◆ Task requirements ◆
Please transcribe all of the entries exactly, leaving out any images.

Saved entries:
___

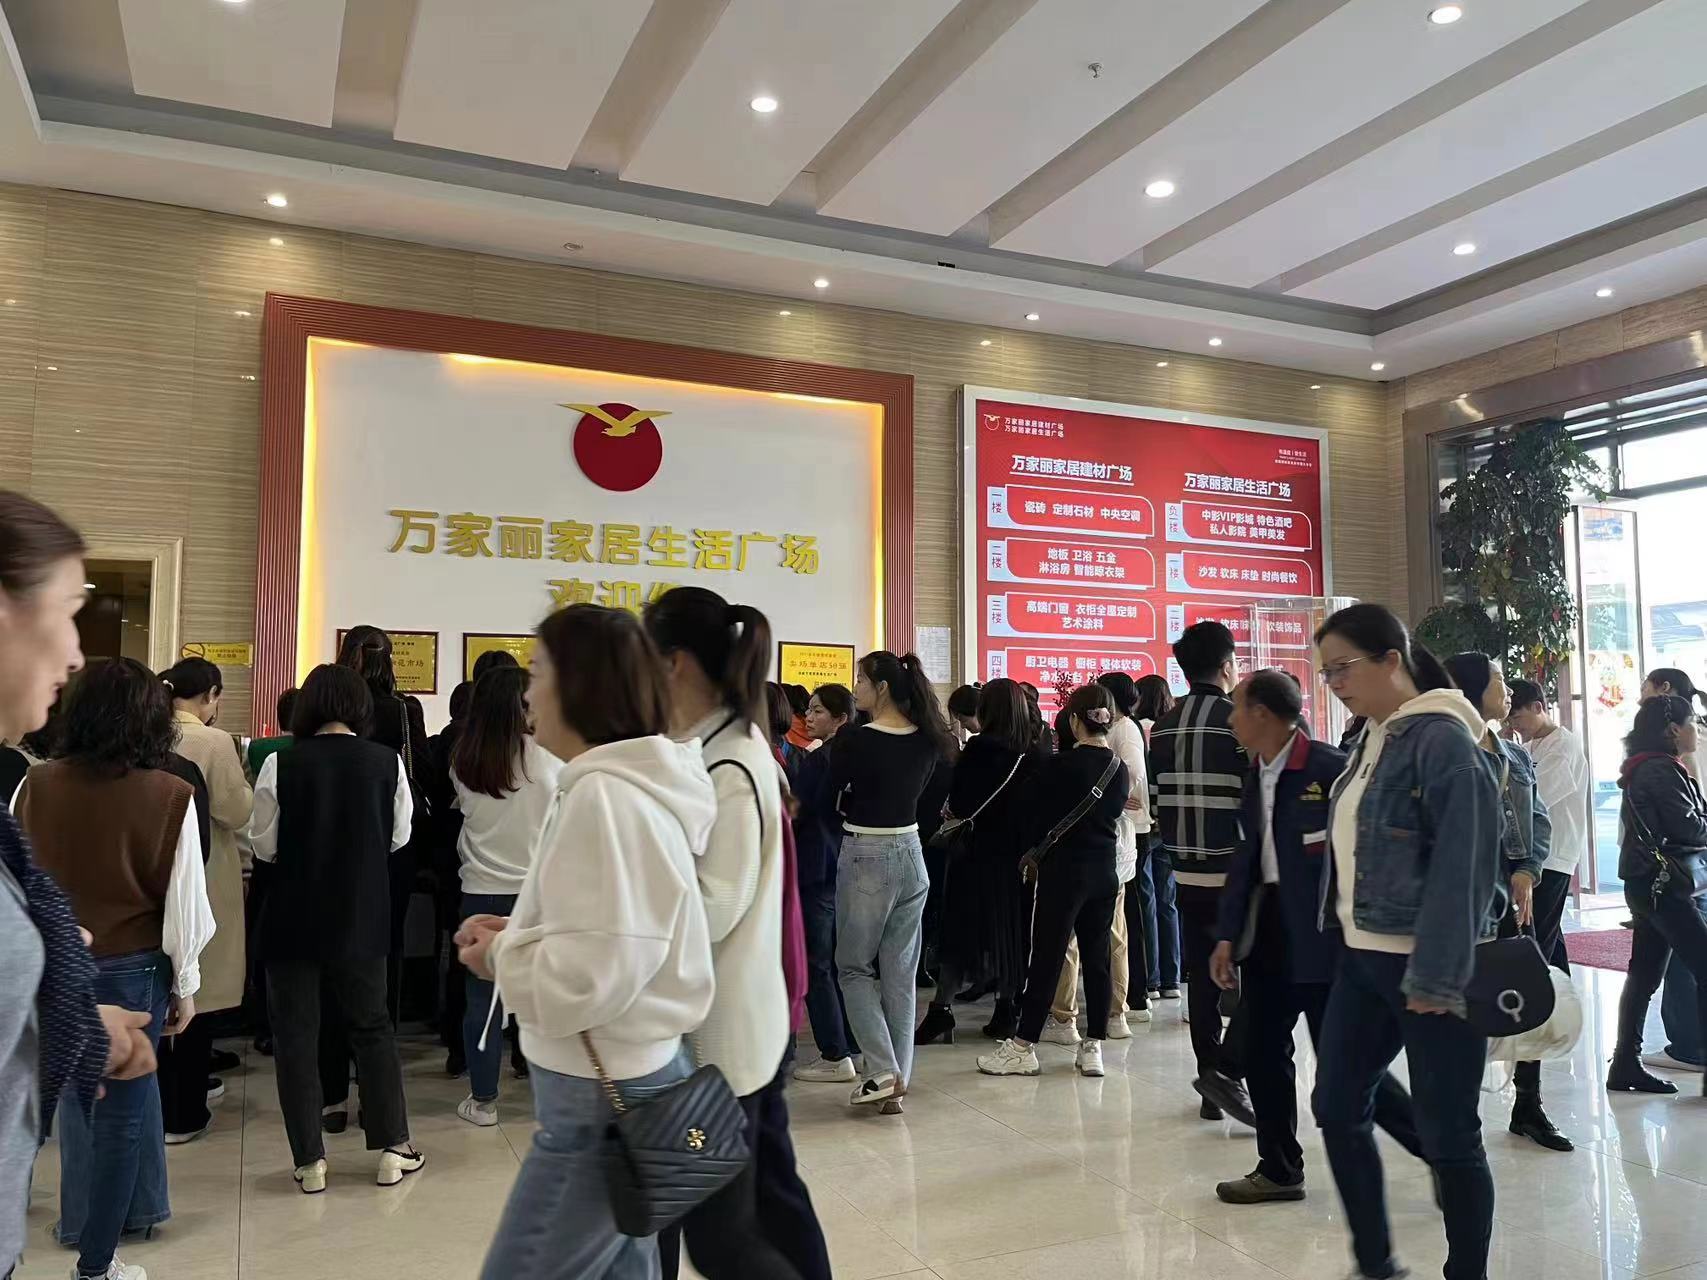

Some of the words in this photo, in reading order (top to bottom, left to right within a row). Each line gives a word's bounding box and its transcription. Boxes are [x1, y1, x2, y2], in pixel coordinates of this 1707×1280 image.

[1005, 417, 1064, 430] 万家丽家居建材广场
[1005, 425, 1064, 438] 万家丽家居生活广场
[1011, 455, 1133, 481] 万家丽家居建材广场
[1184, 472, 1291, 498] 万家丽家居生活广场
[992, 493, 1002, 513] 一楼
[1024, 501, 1046, 514] 瓷砖
[1052, 504, 1094, 518] 定制石材
[1100, 508, 1141, 522] 中央空调
[1201, 509, 1255, 525] 中影VIP影城
[1257, 514, 1292, 529] 特色酒吧
[1209, 523, 1247, 538] 私人影院
[1250, 527, 1286, 541] 美甲美发
[387, 510, 819, 574] 万家丽家居生活广场
[992, 545, 1002, 569] 二楼
[1047, 548, 1069, 561] 地板
[1072, 550, 1093, 563] 卫浴
[1096, 552, 1117, 564] 五金
[1039, 562, 1070, 575] 淋浴房
[1074, 564, 1125, 579] 智能晾衣架
[1198, 566, 1217, 578] 沙发
[1220, 568, 1239, 580] 软床
[1262, 571, 1298, 584] 时尚餐饮
[546, 578, 681, 614] 欢迎
[992, 600, 1002, 624] 三楼
[1026, 600, 1069, 614] 高端门窗
[1075, 603, 1137, 618] 衣柜全屋定制
[1061, 617, 1104, 630] 艺术涂料
[1025, 656, 1069, 669] 厨卫电器
[1075, 657, 1096, 670] 橱柜
[1101, 657, 1142, 671] 整体软装
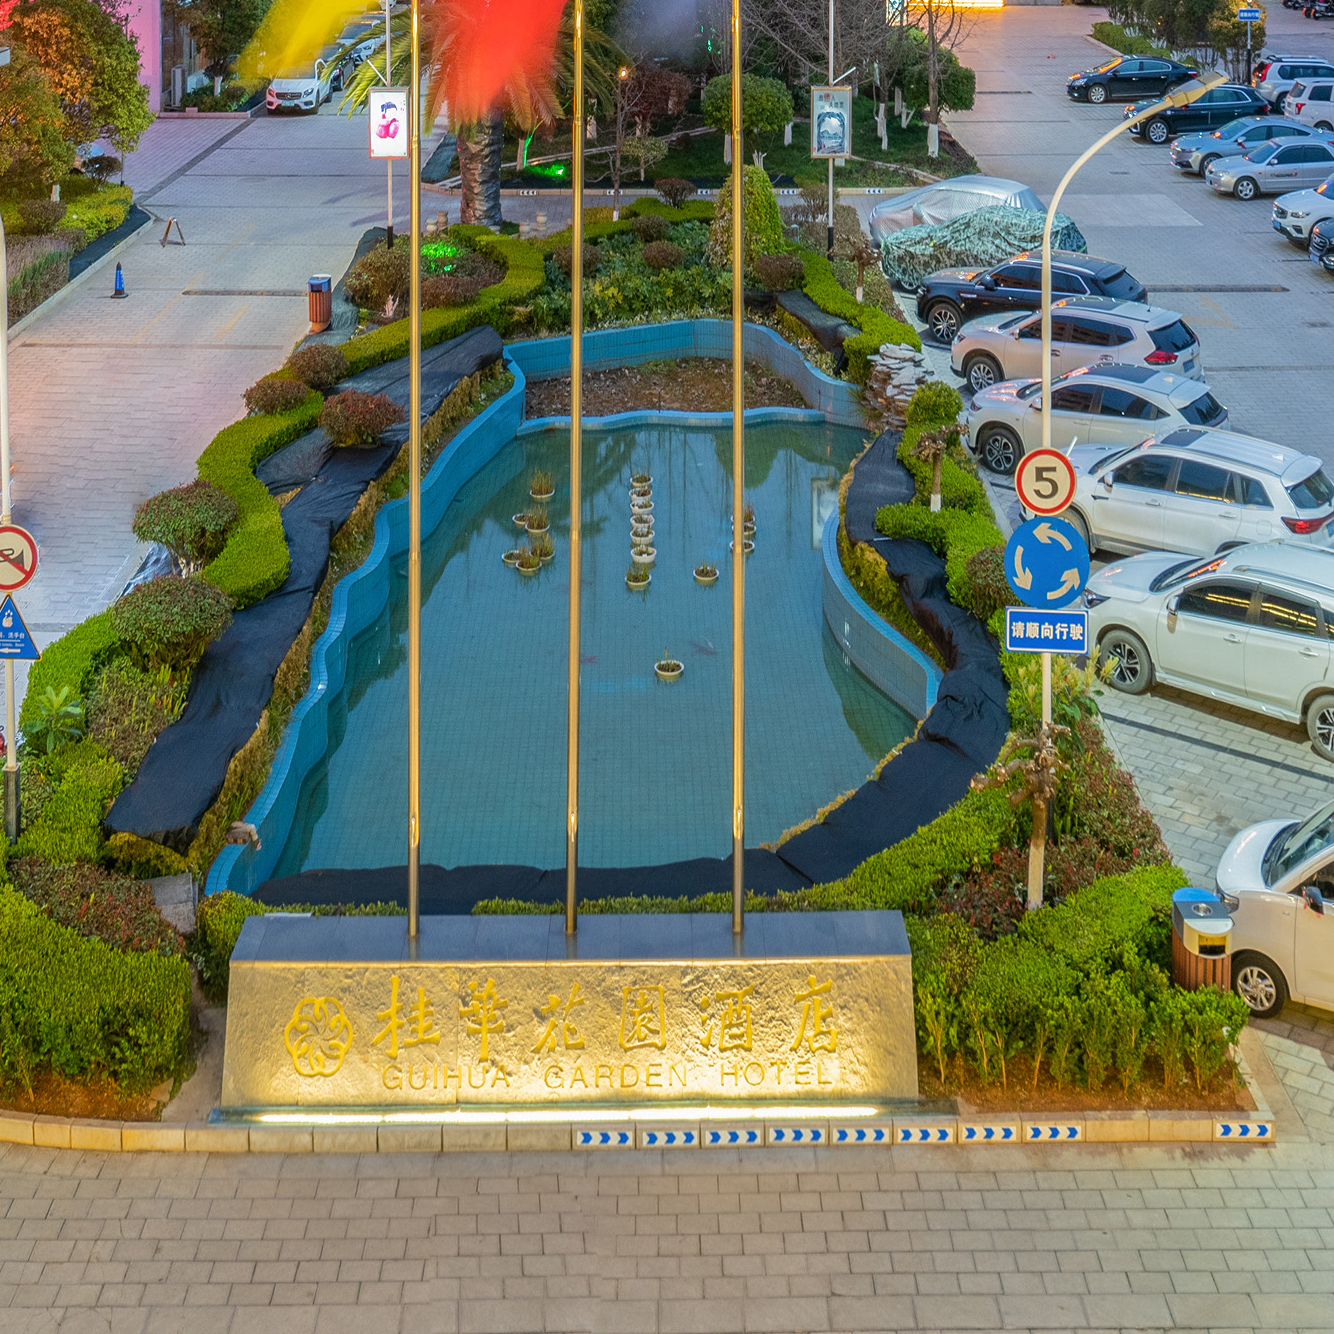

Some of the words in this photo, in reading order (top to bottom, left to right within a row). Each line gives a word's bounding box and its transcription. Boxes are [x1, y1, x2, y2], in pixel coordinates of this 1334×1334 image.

___

◆ Answer below ◆
Some of the words in this photo, in reading order (top to bottom, left to right within a row). Each line gives a word's bounding box and its transcription. Boxes are [x1, y1, x2, y2], in pixel coordinates of this 1707×1280 image.

[1005, 417, 1064, 430] 万家丽家居建材广场
[1005, 425, 1064, 438] 万家丽家居生活广场
[1011, 455, 1133, 481] 万家丽家居建材广场
[1184, 472, 1291, 498] 万家丽家居生活广场
[992, 493, 1002, 513] 一楼
[1024, 501, 1046, 514] 瓷砖
[1052, 504, 1094, 518] 定制石材
[1100, 508, 1141, 522] 中央空调
[1201, 509, 1255, 525] 中影VIP影城
[1257, 514, 1292, 529] 特色酒吧
[1209, 523, 1247, 538] 私人影院
[1250, 527, 1286, 541] 美甲美发
[387, 510, 819, 574] 万家丽家居生活广场
[992, 545, 1002, 569] 二楼
[1047, 548, 1069, 561] 地板
[1072, 550, 1093, 563] 卫浴
[1096, 552, 1117, 564] 五金
[1039, 562, 1070, 575] 淋浴房
[1074, 564, 1125, 579] 智能晾衣架
[1198, 566, 1217, 578] 沙发
[1220, 568, 1239, 580] 软床
[1262, 571, 1298, 584] 时尚餐饮
[546, 578, 681, 614] 欢迎
[992, 600, 1002, 624] 三楼
[1026, 600, 1069, 614] 高端门窗
[1075, 603, 1137, 618] 衣柜全屋定制
[1061, 617, 1104, 630] 艺术涂料
[1025, 656, 1069, 669] 厨卫电器
[1075, 657, 1096, 670] 橱柜
[1101, 657, 1142, 671] 整体软装

Some of the words in this photo, in reading order (top to bottom, left to right within a row). Each line gives a word's bounding box and its transcription. Boxes are [x1, y1, x2, y2], in pixel coordinates of this 1334×1334 image.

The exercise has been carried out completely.